A friend and I also discovered Caroline Timony’s Forget-Me-Not gift shop in Donegal Town this spring, where I bought a number of gifts including a wonderful ceramic pin depicting a ram done by Michelle Butler from Co. Tyrone. I also bought several of Michelle’s other designs and plan to give them as Christmas gifts. Her pins are also available at the Museum of Country Life just outside of Castlebar, Co. Mayo, The House of Ireland and National Museum of Ireland, both in Dublin, and O’Brien’s Crafts & Knitwear in Doolin, Co. Clare.
While in Donegal in the spring, I was fortunate to spend some time with Tommy and Patricia Daly at Celtic Weave China in Cloghore, Ballyshannon. For four generations, the Daly family has been creating china baskets and flowered ware in their village, which is just a mile west of the village of Belleek.
Making the baskets is an intricate and time-consuming process that starts with hand-kneading the Parian bone mixture, which then matures for 20 weeks. Strands of clay are then braided and woven to create the baskets. The basket maker individually and painstakingly shapes each tiny piece of every flower, leaf, shamrock, stem, and bud. The item is then built petal by petal and leaf by leaf, fired, glazed, and hand painted. It’s a lengthy and exacting process but the Daly family clearly has it down to an art form after all these years.
The products created are impressive and range from a large assortment of baskets to napkin rings, mirrors, lamps, clocks, candleholders, vases, picture frames, and more.

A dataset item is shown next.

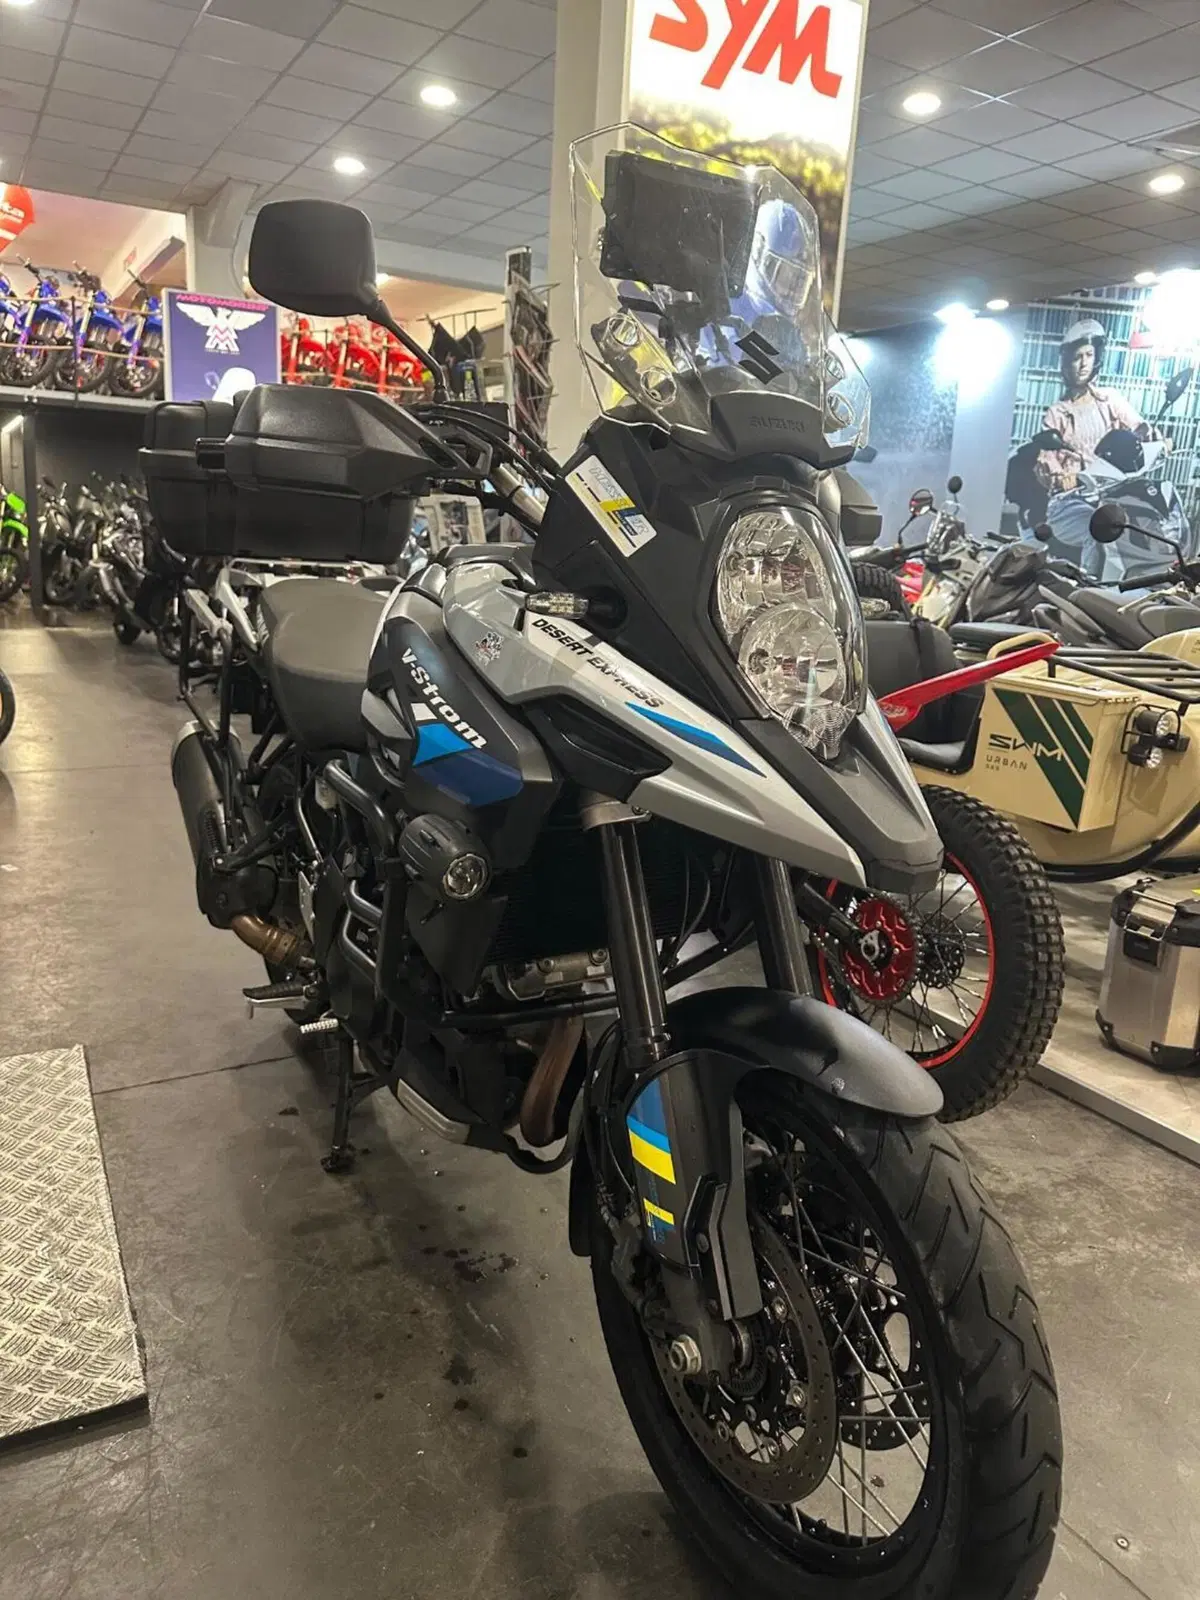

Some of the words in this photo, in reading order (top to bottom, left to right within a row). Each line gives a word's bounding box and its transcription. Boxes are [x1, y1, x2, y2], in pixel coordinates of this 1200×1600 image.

The small company also makes a number of holiday decorations and other items exclusively available at Tiffany & Co. For more information, visit celticweavechina.com
KUDOS FOR ASHFORD
Ashford Castle in Cong, Co. Mayo, was recently awarded a prestigious AA 5 Red Star Rating at the 2016 AA Hospitality Awards and was named Ireland’s Best Five Star Hotel at the Keeling’s Farm Fresh Gold Medal Awards.

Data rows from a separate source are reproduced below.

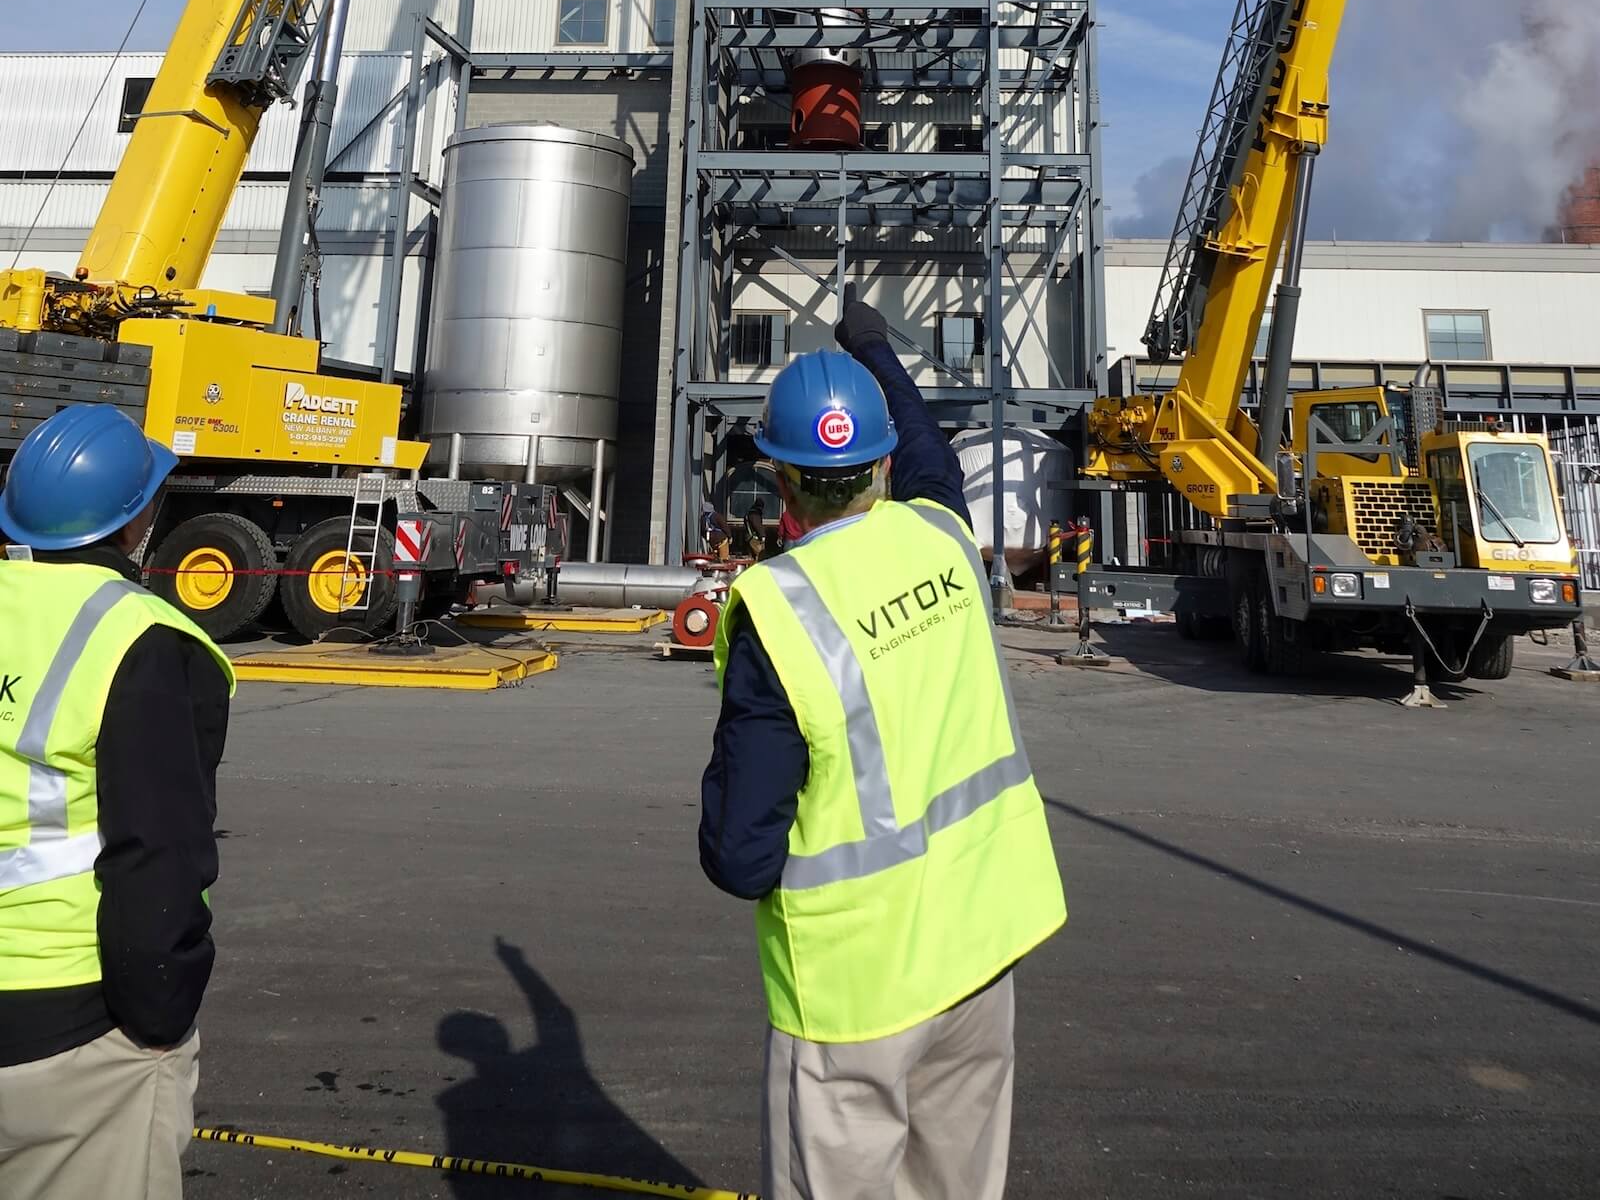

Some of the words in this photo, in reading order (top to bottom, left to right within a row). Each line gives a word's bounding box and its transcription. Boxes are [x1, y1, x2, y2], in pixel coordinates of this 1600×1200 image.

[284, 382, 358, 415] PADGETT
[175, 415, 206, 426] GROVE
[282, 412, 318, 425] CRANE
[320, 415, 357, 428] RENTAL
[213, 423, 240, 434] 6300L
[284, 424, 304, 432] NEW
[305, 426, 337, 434] ALBANY
[820, 413, 849, 445] CUBS
[482, 487, 494, 495] 82
[1187, 484, 1215, 493] GROVE
[510, 524, 528, 551] WIDE
[530, 524, 547, 550] LOAD
[856, 566, 965, 639] VITOK
[869, 613, 946, 660] ENGINEERS,
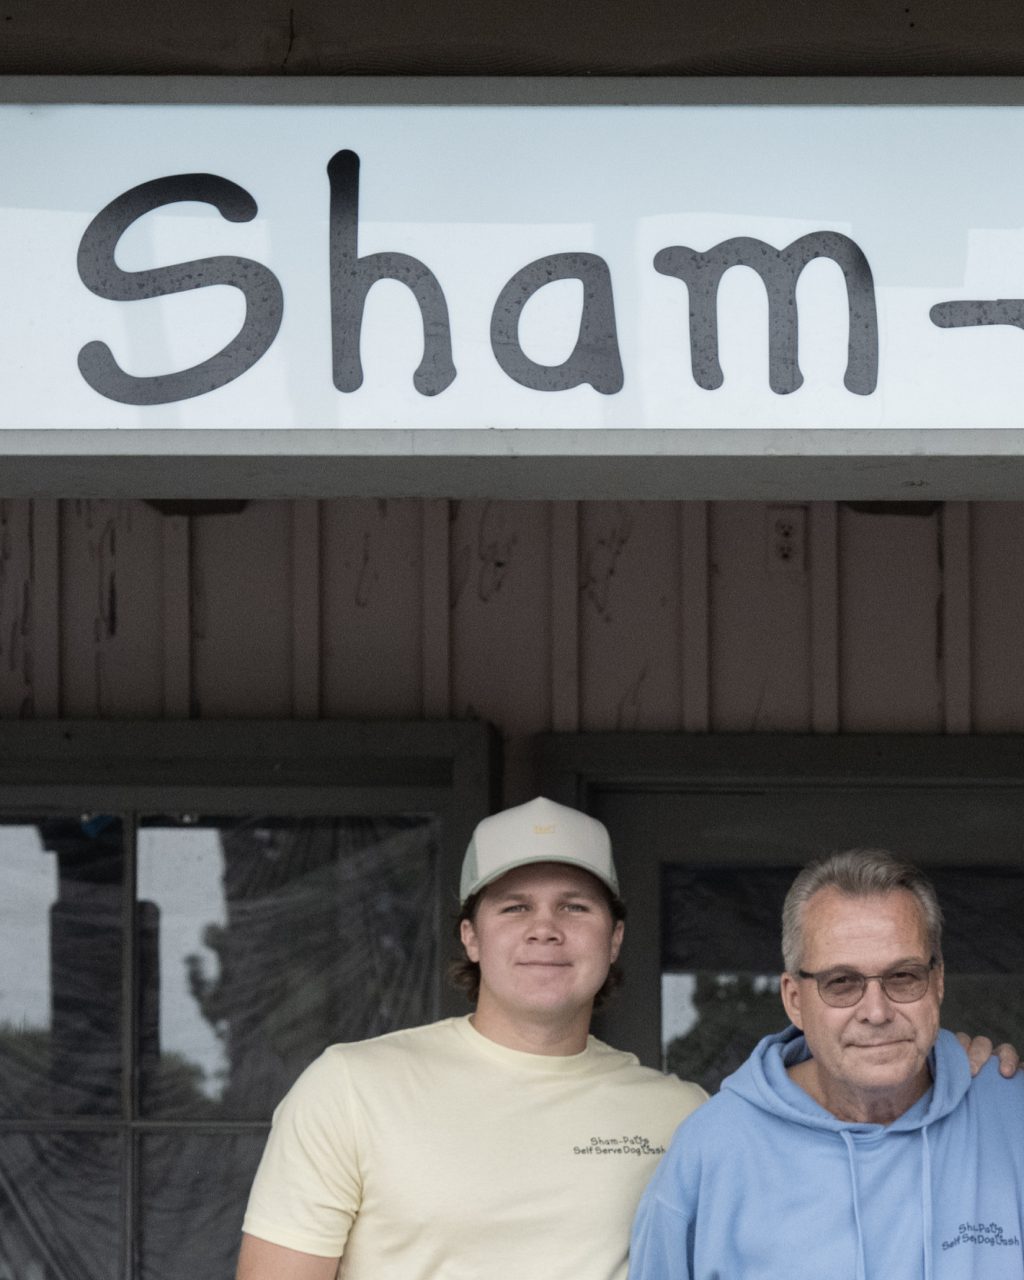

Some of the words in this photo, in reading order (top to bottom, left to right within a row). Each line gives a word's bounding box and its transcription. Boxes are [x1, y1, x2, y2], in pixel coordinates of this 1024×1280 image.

[590, 1135, 650, 1146] Sham-Paws
[573, 1146, 593, 1155] Self
[594, 1146, 622, 1155] Serve
[623, 1145, 641, 1156] Dog
[977, 1234, 995, 1246] Dog

Ashford was the only Republic of Ireland business to win at the Keeling awards, which are in their 28th year and are one of Ireland’s leading independent awards programs for the hotel industry.
Ashford was extensively refurbished from top to bottom over a two-year period before it reopened in 2015. The 800-year-old, 85-bedroom castle hotel is on 350 acres and boasts an equestrian center, Ireland’s only Orvis-endorsed fishing school, a nine-hole golf course, tennis courts, and school of falconry. It also has several dining rooms, a bar, cinema, billiard room, cigar terrace, wine cellar. The spa was recently named “Ireland’s Best Hotel Spa” at the 2016 World Spa Awards.
The Mulranny Park Hotel in lovely Mulranny, Co. Mayo, has announced walking breaks for Nov. 11 and 12 and two weekends in January - the 21st and 22nd and 27th and 28th. See mulrannyparkhotel.ie to book.
It’s always a good time to visit Mulranny on Clew Bay but also nice to hear that the tidy small town was recently named the overall winner for responsible tourism at the third annual Irish Responsible Tourism Conference in Dublin last month. Second place went to Inishbofin Island in Co. Galway, and third place to Sheep’s Head Way in Co. Cork.
There is still great weather for outdoor activities in Ireland and many tourist attractions are still open. Enjoy your trip whenever you go and be sure to visit Ireland.com for information on things to do, accommodations, and more.